- _Records to use_
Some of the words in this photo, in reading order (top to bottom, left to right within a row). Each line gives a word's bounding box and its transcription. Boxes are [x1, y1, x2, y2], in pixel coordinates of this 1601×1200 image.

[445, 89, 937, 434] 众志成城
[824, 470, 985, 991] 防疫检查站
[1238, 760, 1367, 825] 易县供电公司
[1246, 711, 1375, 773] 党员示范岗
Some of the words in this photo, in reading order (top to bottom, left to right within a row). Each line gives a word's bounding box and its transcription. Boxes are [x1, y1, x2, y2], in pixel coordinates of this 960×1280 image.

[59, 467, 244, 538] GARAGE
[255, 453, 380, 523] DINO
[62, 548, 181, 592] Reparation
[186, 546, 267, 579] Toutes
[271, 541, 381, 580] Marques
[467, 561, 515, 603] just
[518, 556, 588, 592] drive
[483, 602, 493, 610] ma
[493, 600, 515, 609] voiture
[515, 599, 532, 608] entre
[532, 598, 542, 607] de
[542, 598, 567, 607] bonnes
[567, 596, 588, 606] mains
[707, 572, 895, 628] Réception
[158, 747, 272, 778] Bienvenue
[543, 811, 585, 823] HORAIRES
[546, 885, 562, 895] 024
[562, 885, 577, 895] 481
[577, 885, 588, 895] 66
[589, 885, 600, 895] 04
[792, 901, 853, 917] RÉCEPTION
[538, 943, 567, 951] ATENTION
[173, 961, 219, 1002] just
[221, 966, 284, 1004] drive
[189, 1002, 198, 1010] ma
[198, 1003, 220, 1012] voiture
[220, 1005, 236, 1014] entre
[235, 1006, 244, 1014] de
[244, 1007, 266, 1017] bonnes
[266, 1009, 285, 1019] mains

- _Requirement_
The data above should be copied exactly, with no line omitted.

- _Written answer_
Some of the words in this photo, in reading order (top to bottom, left to right within a row). Each line gives a word's bounding box and its transcription. Boxes are [x1, y1, x2, y2], in pixel coordinates of this 1601×1200 image.

[445, 89, 937, 434] 众志成城
[824, 470, 985, 991] 防疫检查站
[1238, 760, 1367, 825] 易县供电公司
[1246, 711, 1375, 773] 党员示范岗
Some of the words in this photo, in reading order (top to bottom, left to right within a row). Each line gives a word's bounding box and its transcription. Boxes are [x1, y1, x2, y2], in pixel coordinates of this 960×1280 image.

[59, 467, 244, 538] GARAGE
[255, 453, 380, 523] DINO
[62, 548, 181, 592] Reparation
[186, 546, 267, 579] Toutes
[271, 541, 381, 580] Marques
[467, 561, 515, 603] just
[518, 556, 588, 592] drive
[483, 602, 493, 610] ma
[493, 600, 515, 609] voiture
[515, 599, 532, 608] entre
[532, 598, 542, 607] de
[542, 598, 567, 607] bonnes
[567, 596, 588, 606] mains
[707, 572, 895, 628] Réception
[158, 747, 272, 778] Bienvenue
[543, 811, 585, 823] HORAIRES
[546, 885, 562, 895] 024
[562, 885, 577, 895] 481
[577, 885, 588, 895] 66
[589, 885, 600, 895] 04
[792, 901, 853, 917] RÉCEPTION
[538, 943, 567, 951] ATENTION
[173, 961, 219, 1002] just
[221, 966, 284, 1004] drive
[189, 1002, 198, 1010] ma
[198, 1003, 220, 1012] voiture
[220, 1005, 236, 1014] entre
[235, 1006, 244, 1014] de
[244, 1007, 266, 1017] bonnes
[266, 1009, 285, 1019] mains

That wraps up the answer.